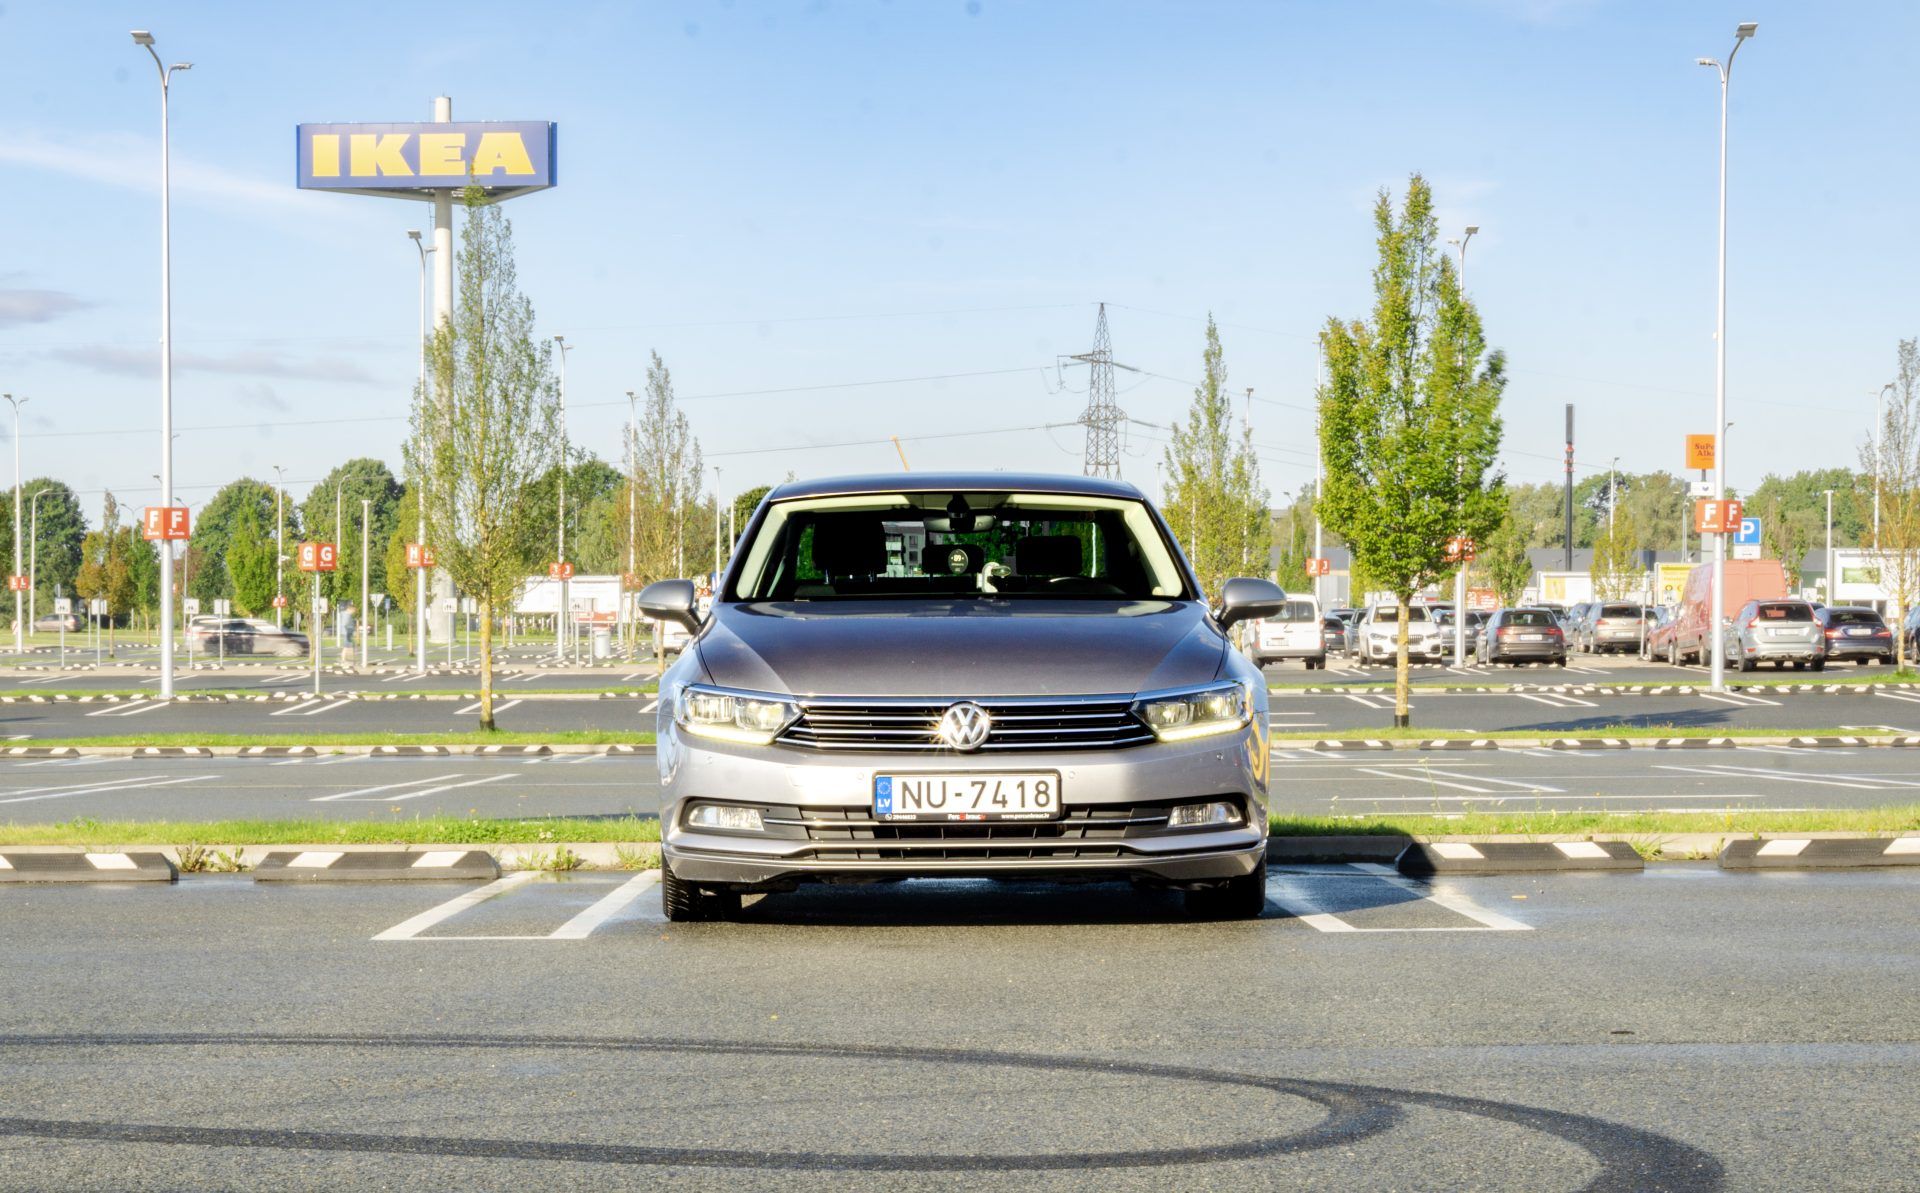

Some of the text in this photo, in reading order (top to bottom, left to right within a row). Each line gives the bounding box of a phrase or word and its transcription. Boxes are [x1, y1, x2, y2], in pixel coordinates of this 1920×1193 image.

[312, 132, 536, 177] IKEA
[149, 510, 159, 529] F
[171, 510, 183, 529] F
[1704, 503, 1717, 521] F
[1728, 503, 1738, 521] F
[1740, 521, 1755, 541] P
[303, 545, 313, 561] G
[320, 545, 333, 561] G
[877, 798, 891, 809] LV
[901, 780, 1051, 809] NU-7418
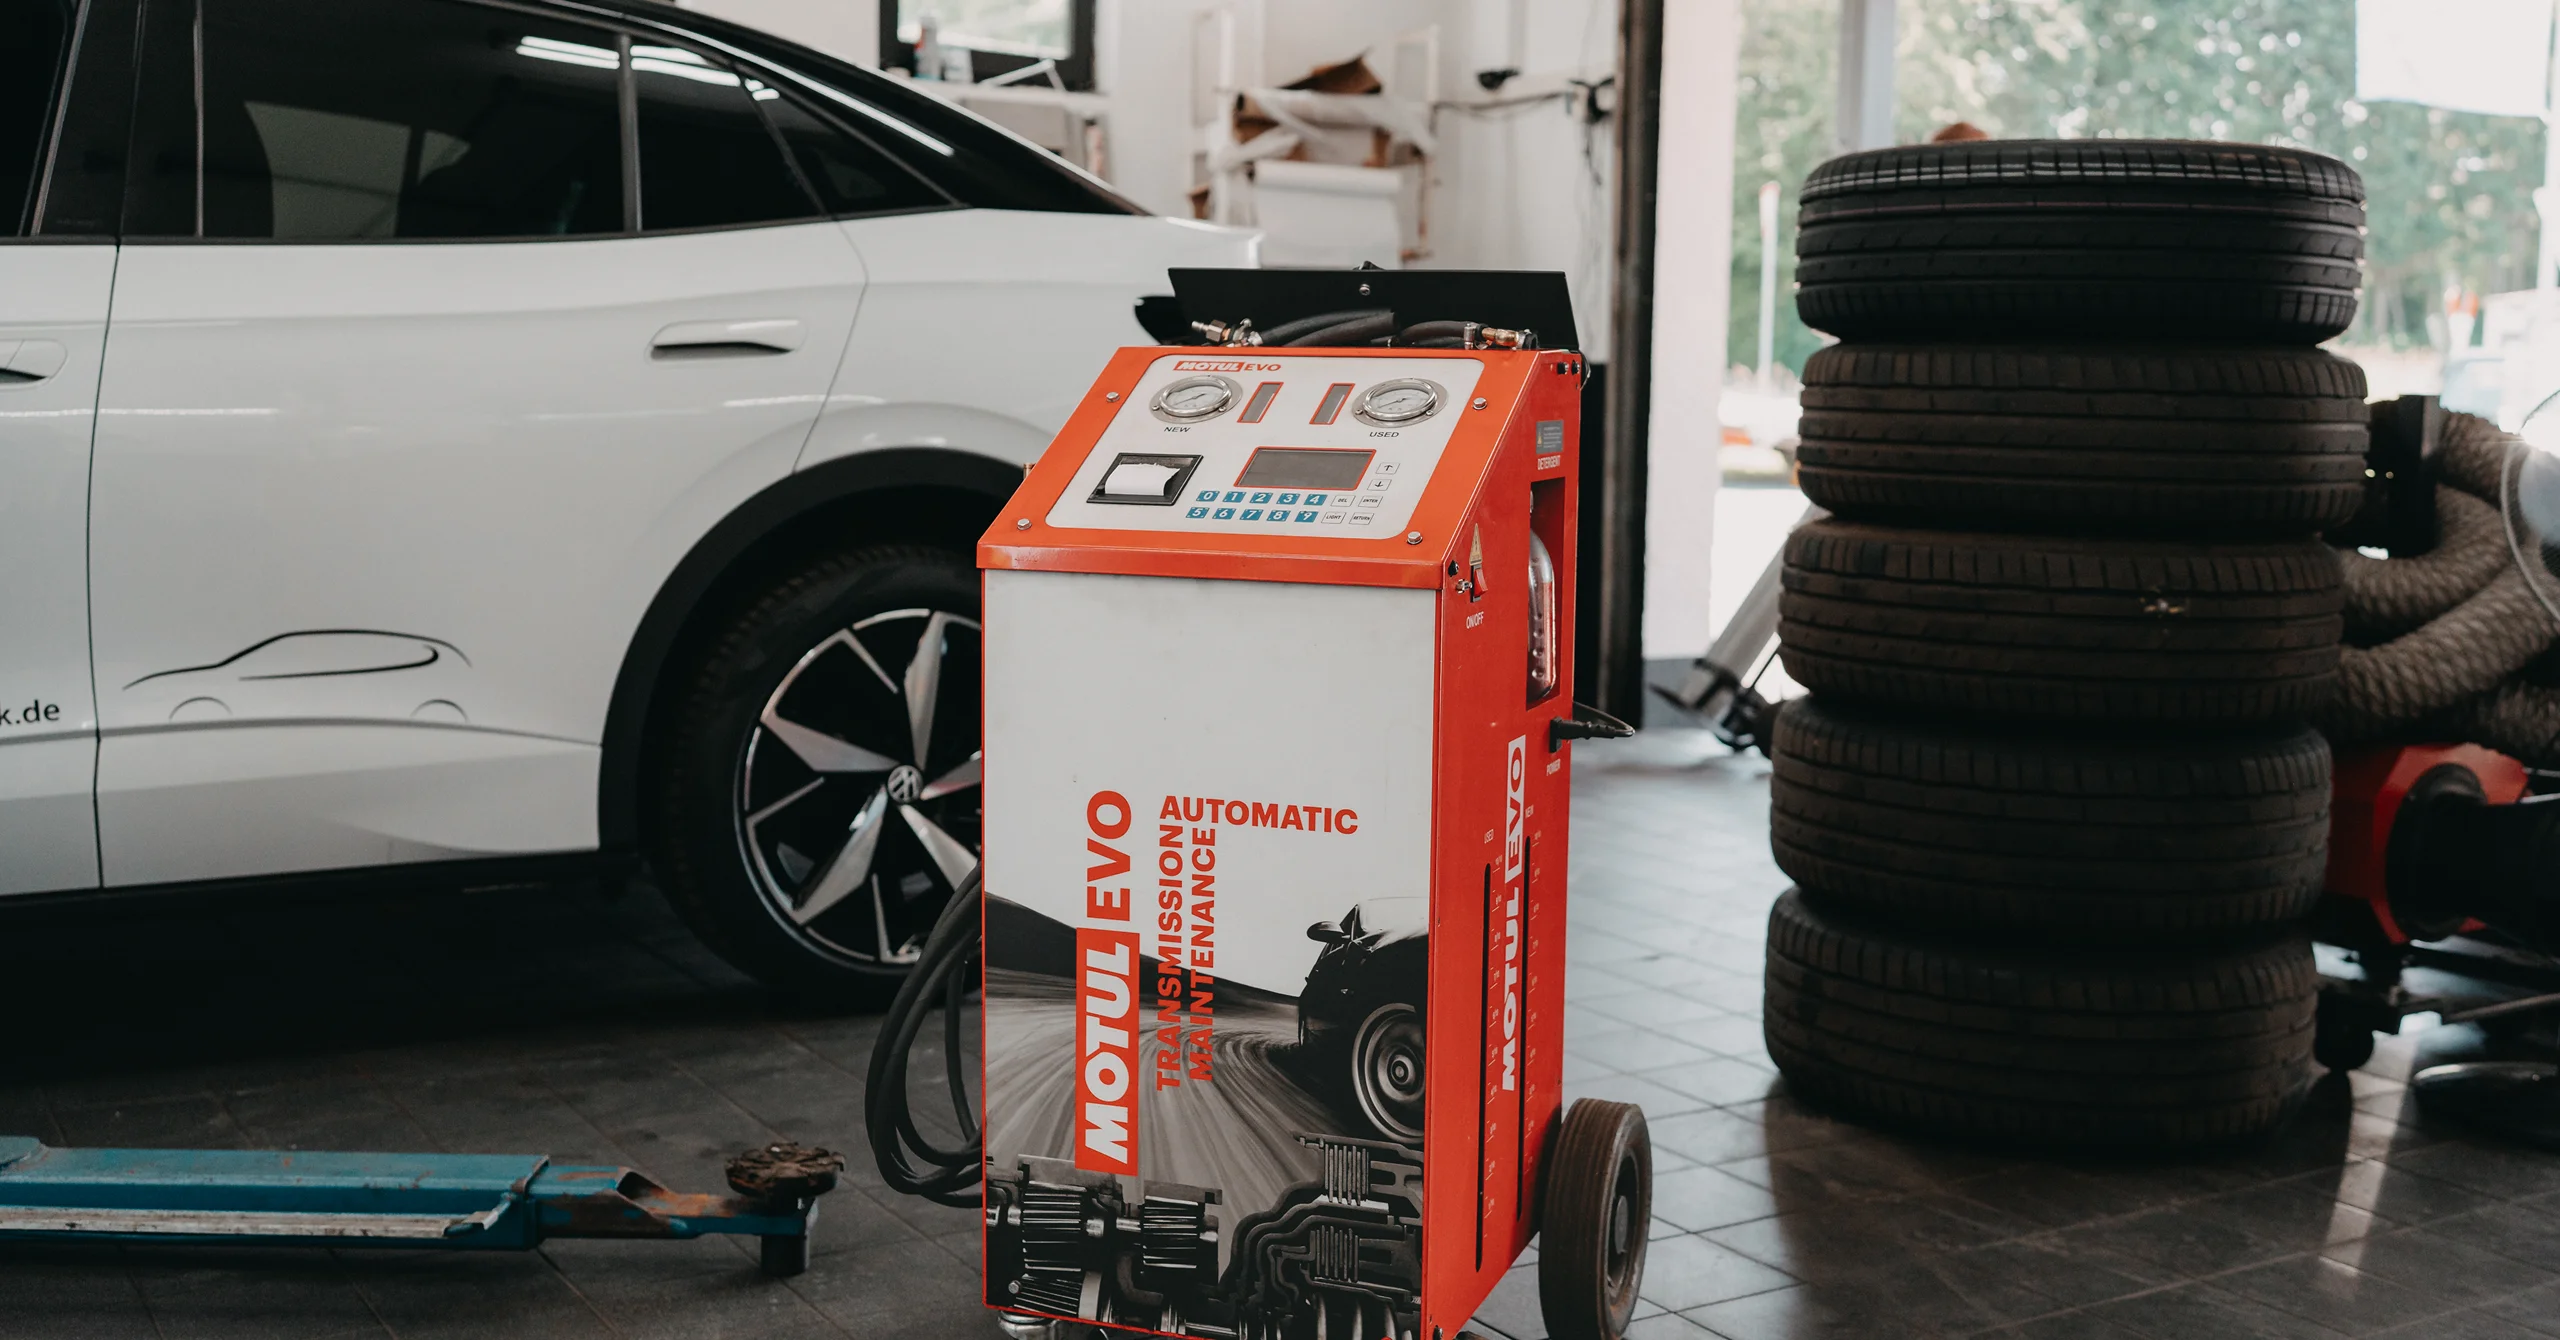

----

§ **What is expected**: All records above need to be returned exactly. Omit the pictures.

§ **Result**:
Some of the text in this photo, in reading order (top to bottom, left to right within a row). Each line gives the bounding box of a phrase or word and its transcription. Boxes are [x1, y1, x2, y2], in pixel coordinates of this 1920×1193 image.

[312, 132, 536, 177] IKEA
[149, 510, 159, 529] F
[171, 510, 183, 529] F
[1704, 503, 1717, 521] F
[1728, 503, 1738, 521] F
[1740, 521, 1755, 541] P
[303, 545, 313, 561] G
[320, 545, 333, 561] G
[877, 798, 891, 809] LV
[901, 780, 1051, 809] NU-7418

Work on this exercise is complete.